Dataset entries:
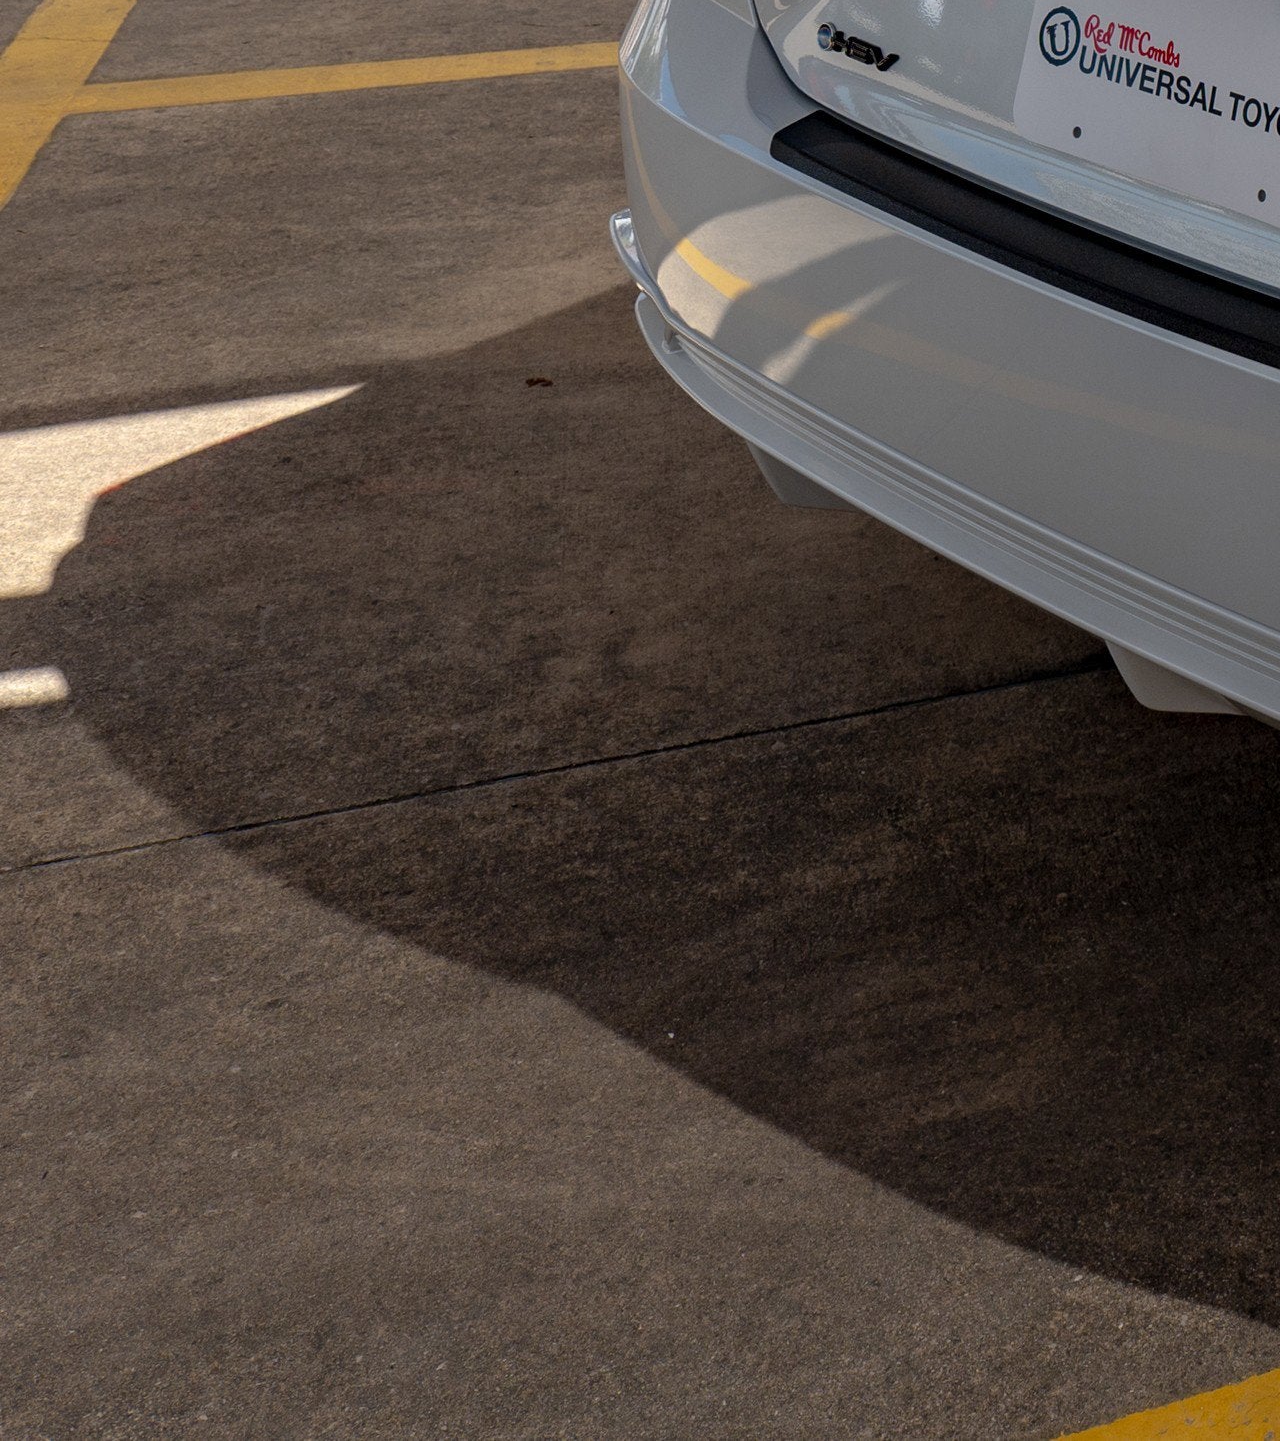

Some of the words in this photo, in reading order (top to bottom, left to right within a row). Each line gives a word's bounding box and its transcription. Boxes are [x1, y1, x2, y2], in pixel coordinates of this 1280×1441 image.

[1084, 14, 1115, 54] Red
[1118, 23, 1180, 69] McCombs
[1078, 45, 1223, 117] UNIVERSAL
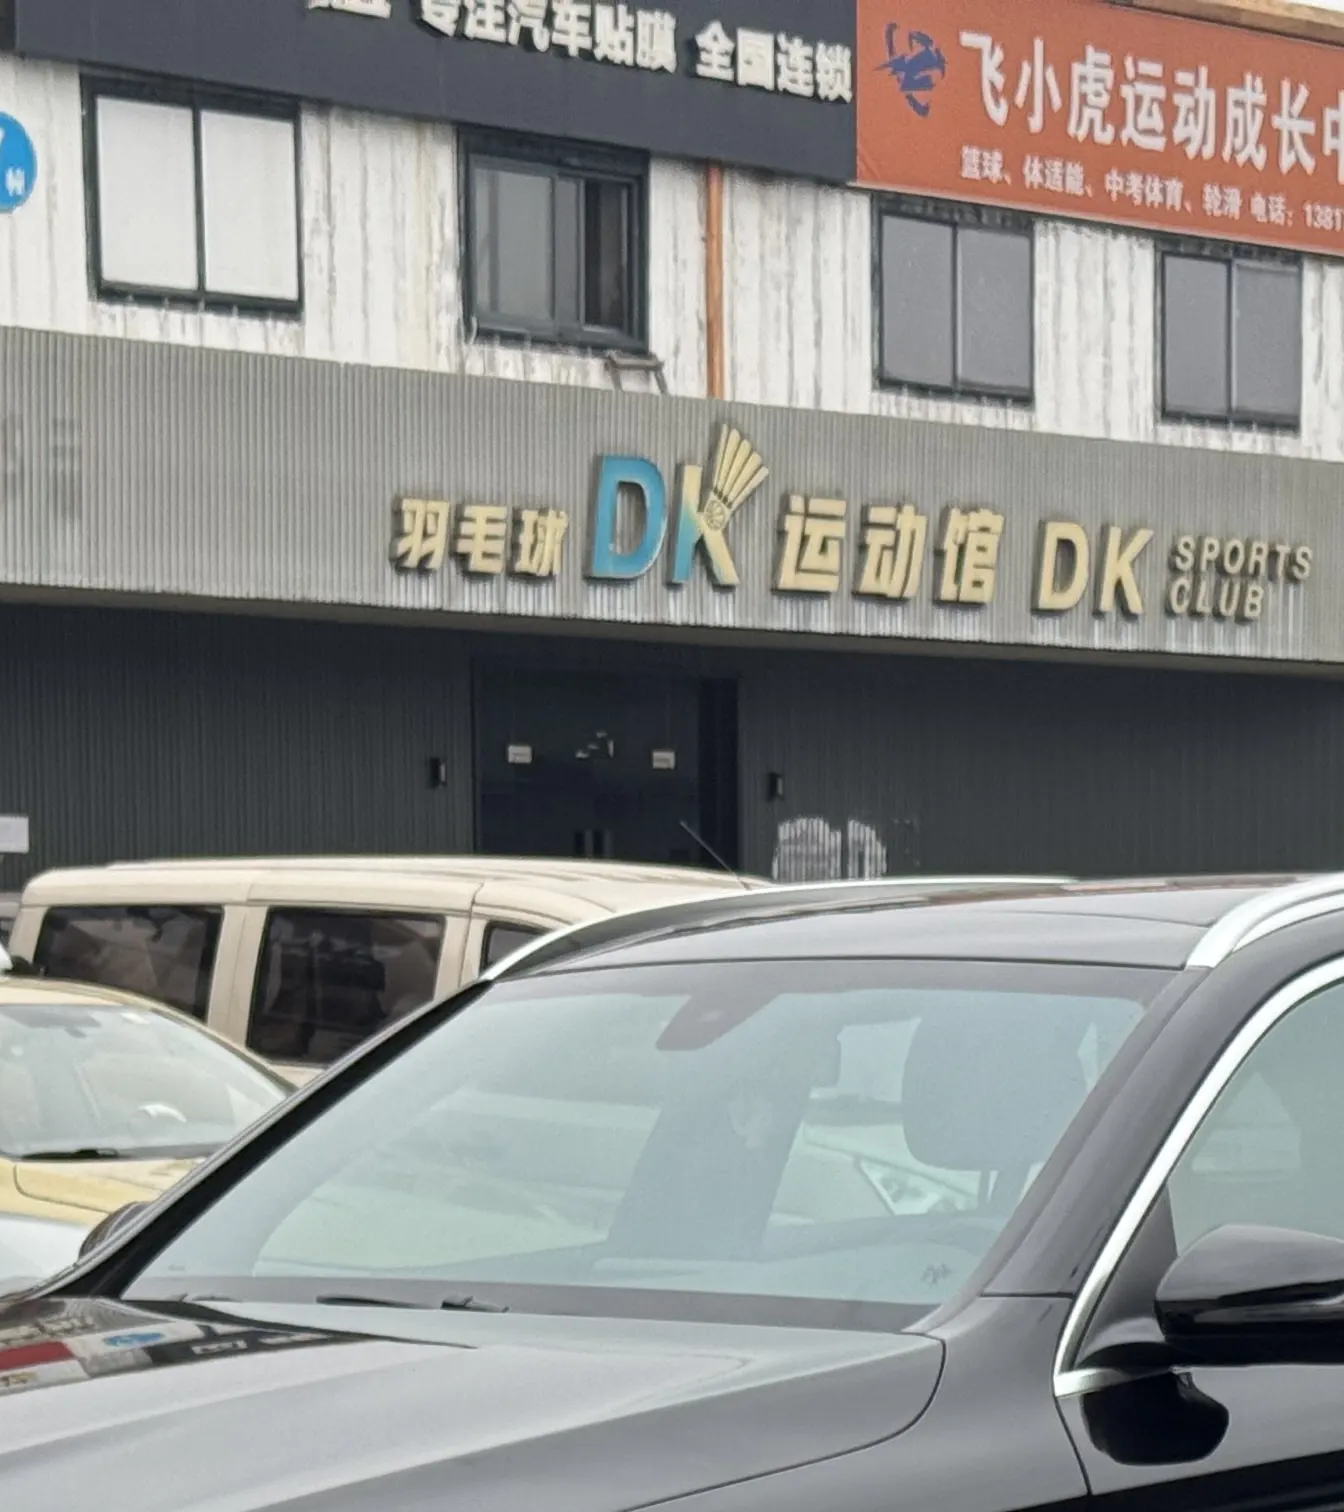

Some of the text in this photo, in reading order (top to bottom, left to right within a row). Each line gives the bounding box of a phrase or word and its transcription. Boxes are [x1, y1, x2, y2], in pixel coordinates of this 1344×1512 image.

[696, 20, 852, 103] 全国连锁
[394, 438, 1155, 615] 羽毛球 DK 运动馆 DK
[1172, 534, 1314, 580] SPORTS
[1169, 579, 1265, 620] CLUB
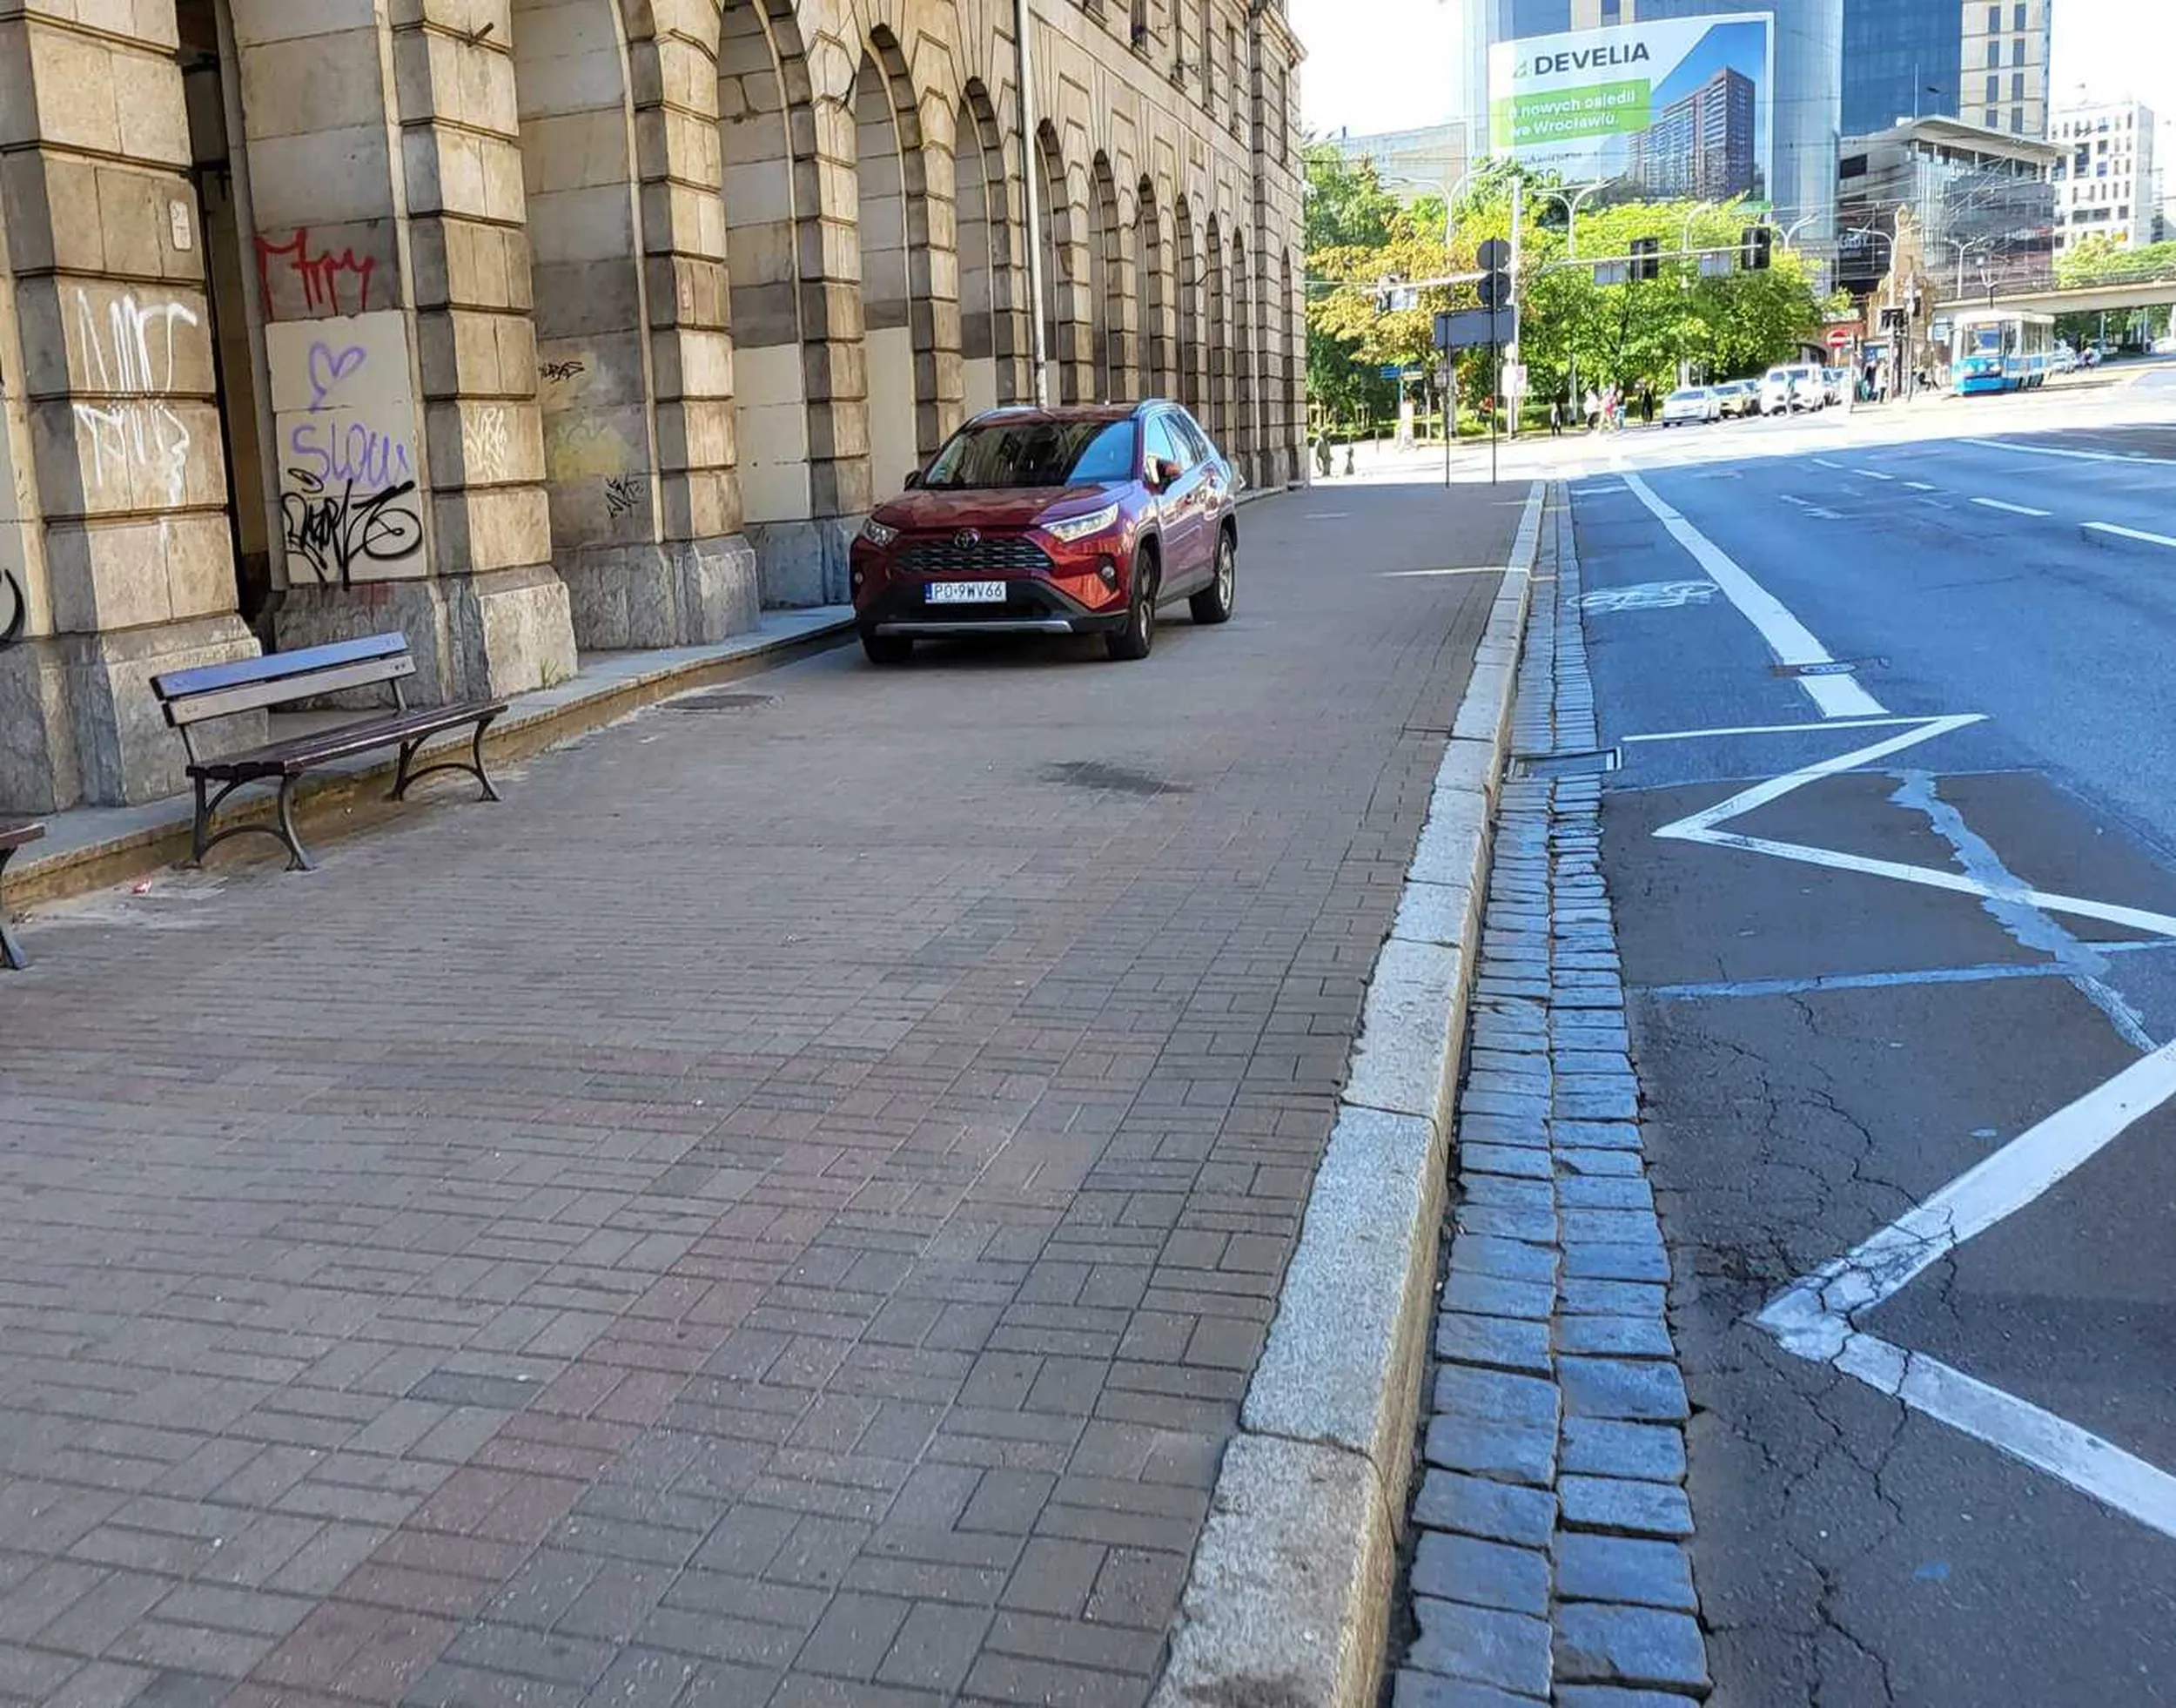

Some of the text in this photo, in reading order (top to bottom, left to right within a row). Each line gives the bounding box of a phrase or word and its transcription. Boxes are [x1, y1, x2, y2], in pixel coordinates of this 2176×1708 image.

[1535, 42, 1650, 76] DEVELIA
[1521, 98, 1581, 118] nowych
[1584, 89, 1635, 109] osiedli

> _Instructions for the task_: Please set down each entry word for word, without its images.

> _Exercise answer_:
Some of the words in this photo, in reading order (top to bottom, left to right within a row). Each line gives a word's bounding box and its transcription. Boxes are [x1, y1, x2, y2], in pixel coordinates of this 1280×1441 image.

[1084, 14, 1115, 54] Red
[1118, 23, 1180, 69] McCombs
[1078, 45, 1223, 117] UNIVERSAL

Some of the text in this photo, in reading order (top to bottom, left to right within a row). Each line gives the bounding box of a phrase or word and its transcription. Boxes are [x1, y1, x2, y2], in pixel coordinates of this 1344×1512 image.

[696, 20, 852, 103] 全国连锁
[394, 438, 1155, 615] 羽毛球 DK 运动馆 DK
[1172, 534, 1314, 580] SPORTS
[1169, 579, 1265, 620] CLUB

Some of the text in this photo, in reading order (top to bottom, left to right within a row). Each line gives the bounding box of a phrase or word and its transcription. Boxes are [x1, y1, x2, y2], in pixel coordinates of this 2176×1708 image.

[1535, 42, 1650, 76] DEVELIA
[1521, 98, 1581, 118] nowych
[1584, 89, 1635, 109] osiedli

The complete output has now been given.